Now, I remember the first time I ever encountered the premise of brevity. It was a cloudy Tuesday afternoon, and I was embarking on a ferry ride across the Tyne with a couple of pals. Or was it a Wednesday? No, it was definitely a Tuesday. I remember well, as I was toying with using an Orange Wednesday voucher, and I said to one of my associates (or was it the other one? – actually, I recall I said it to both at once, “lets not go to the cinema today, lets go tomorrow, as I’ve got an Orange Wednesday voucher and it will be cheaper”), thus definitely making it a Tuesday on account of Wednesday being the following day.
As I was saying, the friend with the onion attached to his belt (I neglected to mention that one of my friends had an onion attached to his belt – I’ll come back to that later) introduced me to the concept of “brevity”. “Don’t waffle Jack.” he said in his deep booming Bristolian accent. (I forgot to mention that he was Bristolian, hence the onion!).”Stick to the point”, he said “avoid going off on tangents, and try to never put unnecessary details in brackets” (Advice that I’m proud to say that I took on board on that cloudy Tuesday afternoon).

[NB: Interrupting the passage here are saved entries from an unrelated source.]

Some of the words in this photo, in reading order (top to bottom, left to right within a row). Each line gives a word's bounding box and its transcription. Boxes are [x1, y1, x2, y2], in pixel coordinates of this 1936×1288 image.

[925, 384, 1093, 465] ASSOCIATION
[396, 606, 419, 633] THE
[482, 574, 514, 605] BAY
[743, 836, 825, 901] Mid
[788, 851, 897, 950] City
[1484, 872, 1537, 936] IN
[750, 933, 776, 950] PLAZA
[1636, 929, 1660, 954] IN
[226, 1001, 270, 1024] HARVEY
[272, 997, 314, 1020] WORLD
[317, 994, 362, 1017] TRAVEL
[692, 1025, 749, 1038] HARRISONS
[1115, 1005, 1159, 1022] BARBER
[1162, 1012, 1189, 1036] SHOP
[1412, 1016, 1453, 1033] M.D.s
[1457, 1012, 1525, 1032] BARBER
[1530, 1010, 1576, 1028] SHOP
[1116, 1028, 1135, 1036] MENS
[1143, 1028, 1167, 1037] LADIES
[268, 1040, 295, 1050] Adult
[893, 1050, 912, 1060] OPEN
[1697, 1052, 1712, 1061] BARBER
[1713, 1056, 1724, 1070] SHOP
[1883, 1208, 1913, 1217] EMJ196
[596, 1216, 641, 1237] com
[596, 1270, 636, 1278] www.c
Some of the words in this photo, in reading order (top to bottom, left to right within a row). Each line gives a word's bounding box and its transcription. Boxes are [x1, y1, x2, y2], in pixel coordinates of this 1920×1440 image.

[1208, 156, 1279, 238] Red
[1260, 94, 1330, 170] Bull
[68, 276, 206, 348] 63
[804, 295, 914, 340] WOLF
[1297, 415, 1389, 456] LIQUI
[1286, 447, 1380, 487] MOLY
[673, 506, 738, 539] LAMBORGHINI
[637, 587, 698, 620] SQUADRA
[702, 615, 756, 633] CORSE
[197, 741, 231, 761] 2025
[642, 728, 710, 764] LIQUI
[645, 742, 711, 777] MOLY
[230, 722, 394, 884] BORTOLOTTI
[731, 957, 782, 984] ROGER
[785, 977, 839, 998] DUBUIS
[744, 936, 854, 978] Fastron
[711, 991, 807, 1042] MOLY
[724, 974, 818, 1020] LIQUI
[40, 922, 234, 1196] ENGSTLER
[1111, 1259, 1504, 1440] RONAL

My interest was piqued, and I pressed my acquaintance for more details. (I realise that I have referred to him (for he was a “he”) as a friend, a pal, and now an acquaintance. Don’t be confused dear reader, this is merely a bloggers trick for keeping variety in their writing – friend, pal and acquaintance are “synonyms” meaning that they mean the same thing! I was not discussing “brevity” with three different people. That would be ridiculous.) As we approached approximately a third of the way across the mighty river, he put down his falafel, reattached his prosthetic, sat down, and told me some of the most poignant and memorable tips about “brevity” I had ever heard. (Interestingly, he used to refer to the delicious middle eastern snack falafel using only two syllables – “flafel”, where I always (and correctly , might I point out) use three – fa la fel – the third man on our outing, who hasn’t featured much in this tale yet pronounced it with four syllables, but that is not terribly relevant to the story of brevity). Also, if you’re interested to know what my deep voiced, onion wearing, syllable missing friend’s prosthetic was, then I’m afraid you’re missing the point of brevity – unnecessary details will not be gone into in this piece.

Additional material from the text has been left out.